How to complete this task: Below are records to repeat exactly; do not include any pictures.

Dataset entries
+-------+

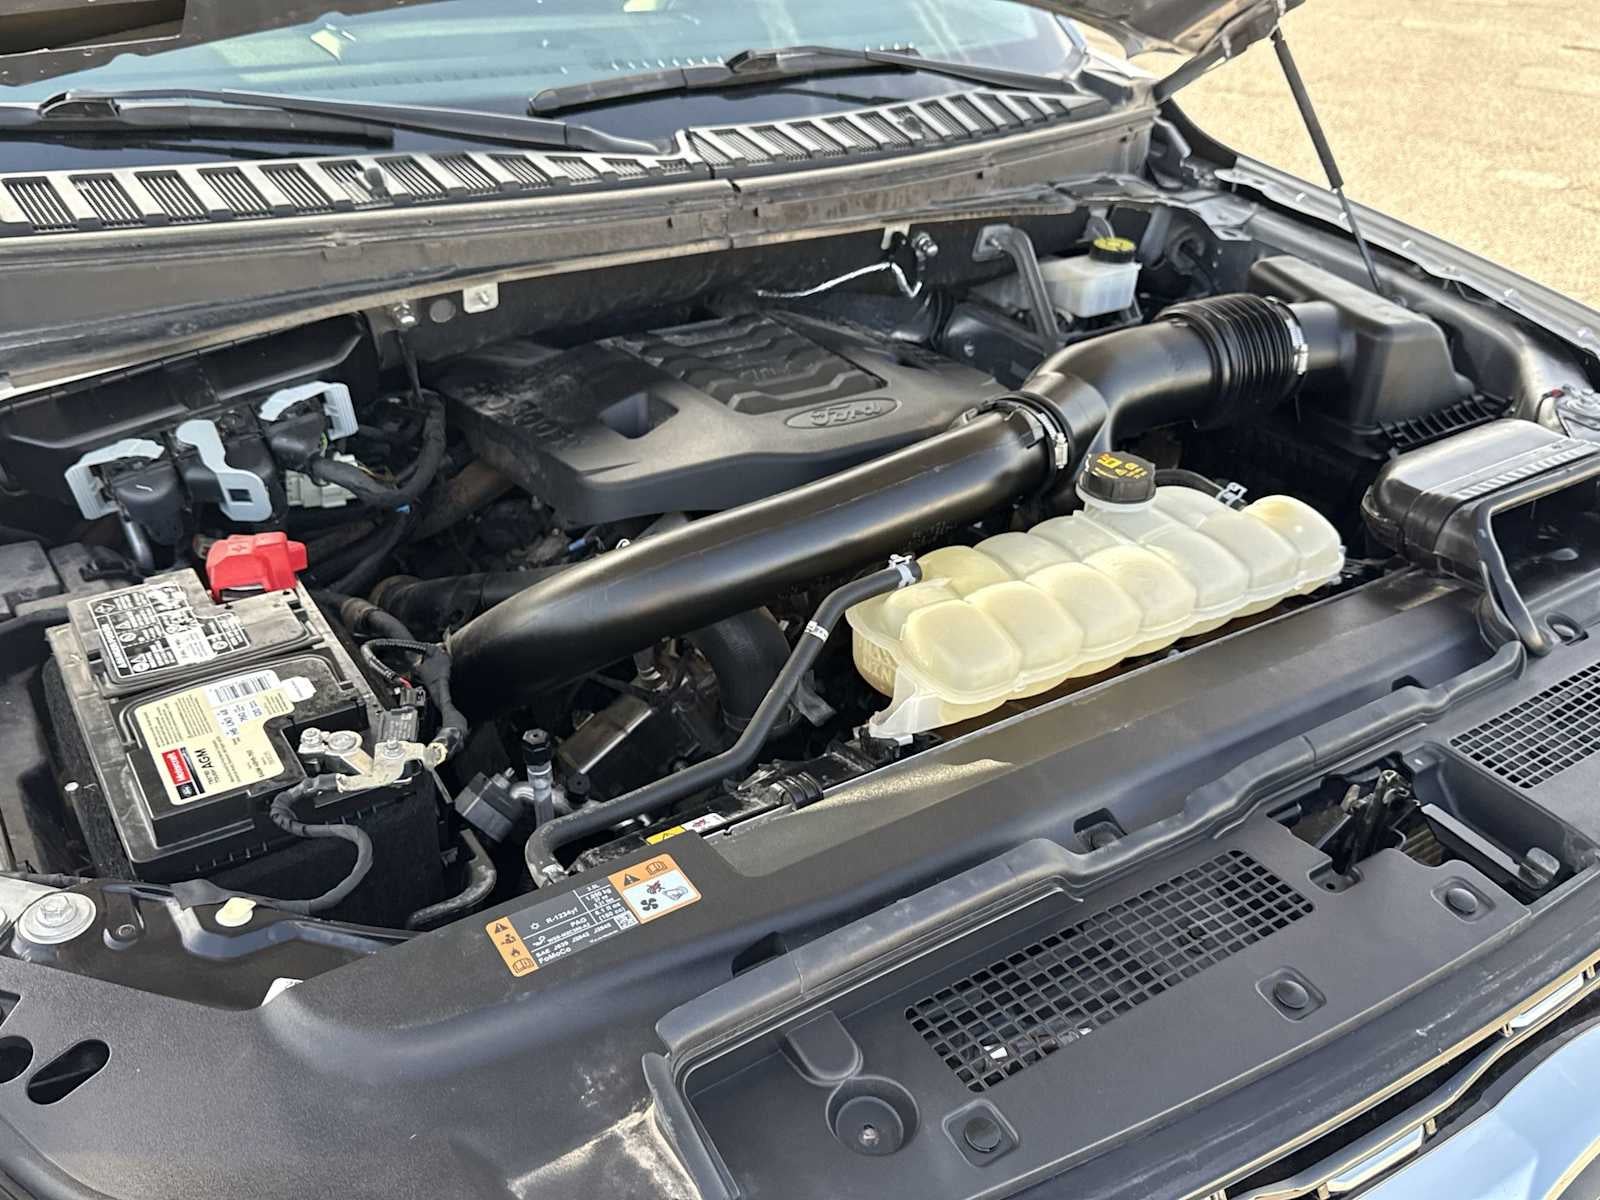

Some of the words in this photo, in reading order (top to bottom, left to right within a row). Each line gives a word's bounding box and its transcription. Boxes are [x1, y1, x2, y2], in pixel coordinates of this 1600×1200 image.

[811, 402, 881, 426] Ford
[167, 752, 186, 783] Motorcraft
[194, 748, 216, 770] AGM
[545, 907, 579, 924] R-1234yf
[570, 917, 587, 928] PAG
[535, 948, 551, 958] SAE
[538, 947, 572, 964] FoMoCo

+-------+

Written answer:
Some of the words in this photo, in reading order (top to bottom, left to right within a row). Each line gives a word's bounding box and its transcription. Boxes are [x1, y1, x2, y2], in pixel coordinates of this 1600×1200 image.

[811, 402, 881, 426] Ford
[167, 752, 186, 783] Motorcraft
[194, 748, 216, 770] AGM
[545, 907, 579, 924] R-1234yf
[570, 917, 587, 928] PAG
[535, 948, 551, 958] SAE
[538, 947, 572, 964] FoMoCo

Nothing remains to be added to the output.